■ What you are asked to do:
Reproduce, exactly and in full, the records that follow, minus any pictures.

[Records from a dataset]
# # # #
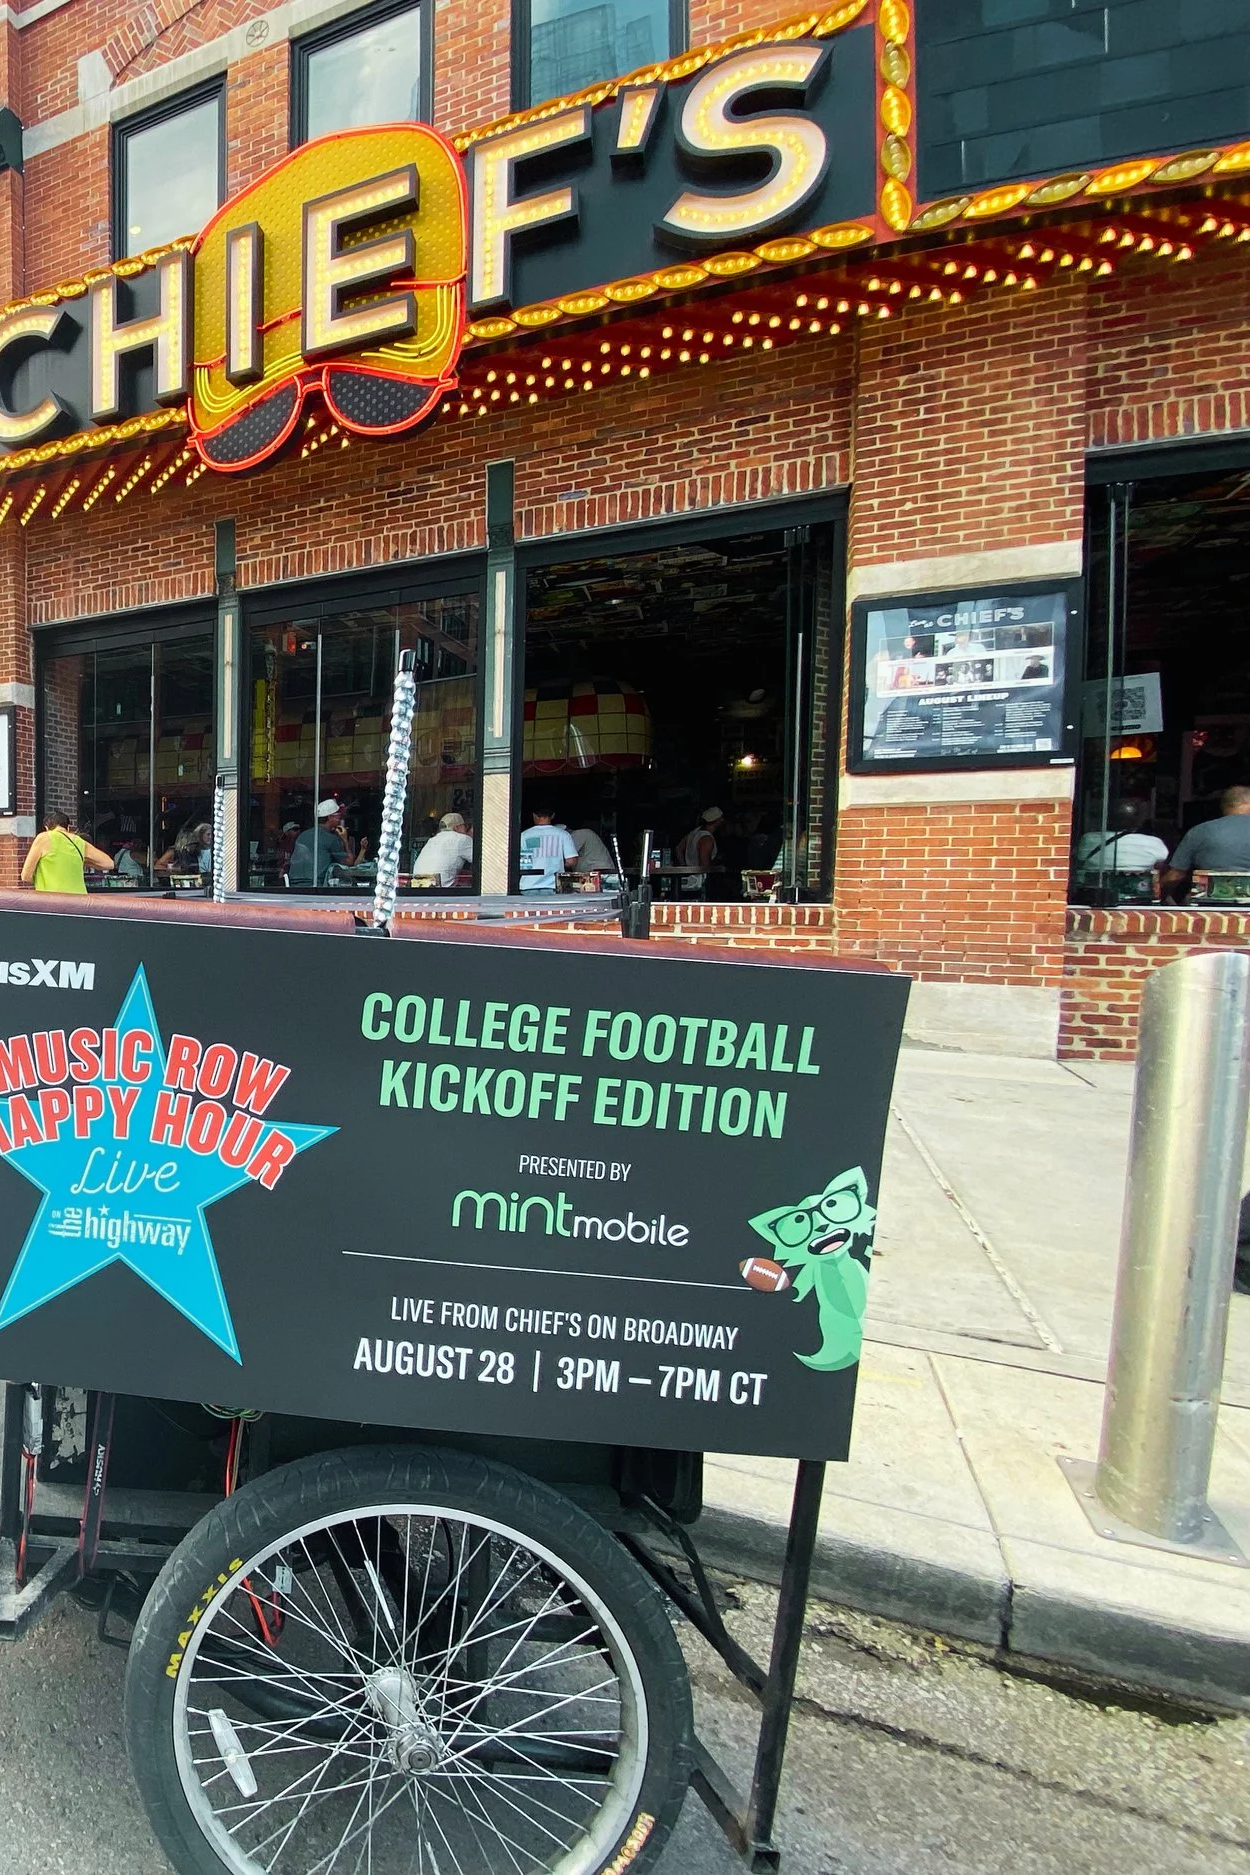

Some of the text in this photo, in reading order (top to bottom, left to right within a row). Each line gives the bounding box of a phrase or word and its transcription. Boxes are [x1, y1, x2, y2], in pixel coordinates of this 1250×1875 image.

[936, 607, 1025, 628] CHIEF'S
[918, 692, 1010, 707] AUGUST LINEUP
[361, 992, 821, 1076] COLLEGE FOOTBALL
[163, 1033, 291, 1116] ROW
[378, 1060, 789, 1139] KICKOFF EDITION
[70, 1146, 181, 1195] Live
[150, 1089, 299, 1191] HOUR
[519, 1154, 632, 1182] PRESENTED BY
[48, 1206, 192, 1256] ON the highway
[390, 1296, 739, 1351] LIVE FROM CHIEF'S ON BROADWAY
[353, 1338, 473, 1382] AUGUST
[477, 1352, 514, 1385] 28
[556, 1356, 620, 1394] 3PM
[657, 1366, 721, 1403] 7PM
[729, 1372, 768, 1406] CT
[165, 1556, 243, 1680] MAXXIS
# # # #
■ Result:
Some of the text in this photo, in reading order (top to bottom, left to right within a row). Each line gives the bounding box of a phrase or word and its transcription. Boxes are [x1, y1, x2, y2], in pixel coordinates of this 1250×1875 image.

[936, 607, 1025, 628] CHIEF'S
[918, 692, 1010, 707] AUGUST LINEUP
[361, 992, 821, 1076] COLLEGE FOOTBALL
[163, 1033, 291, 1116] ROW
[378, 1060, 789, 1139] KICKOFF EDITION
[70, 1146, 181, 1195] Live
[150, 1089, 299, 1191] HOUR
[519, 1154, 632, 1182] PRESENTED BY
[48, 1206, 192, 1256] ON the highway
[390, 1296, 739, 1351] LIVE FROM CHIEF'S ON BROADWAY
[353, 1338, 473, 1382] AUGUST
[477, 1352, 514, 1385] 28
[556, 1356, 620, 1394] 3PM
[657, 1366, 721, 1403] 7PM
[729, 1372, 768, 1406] CT
[165, 1556, 243, 1680] MAXXIS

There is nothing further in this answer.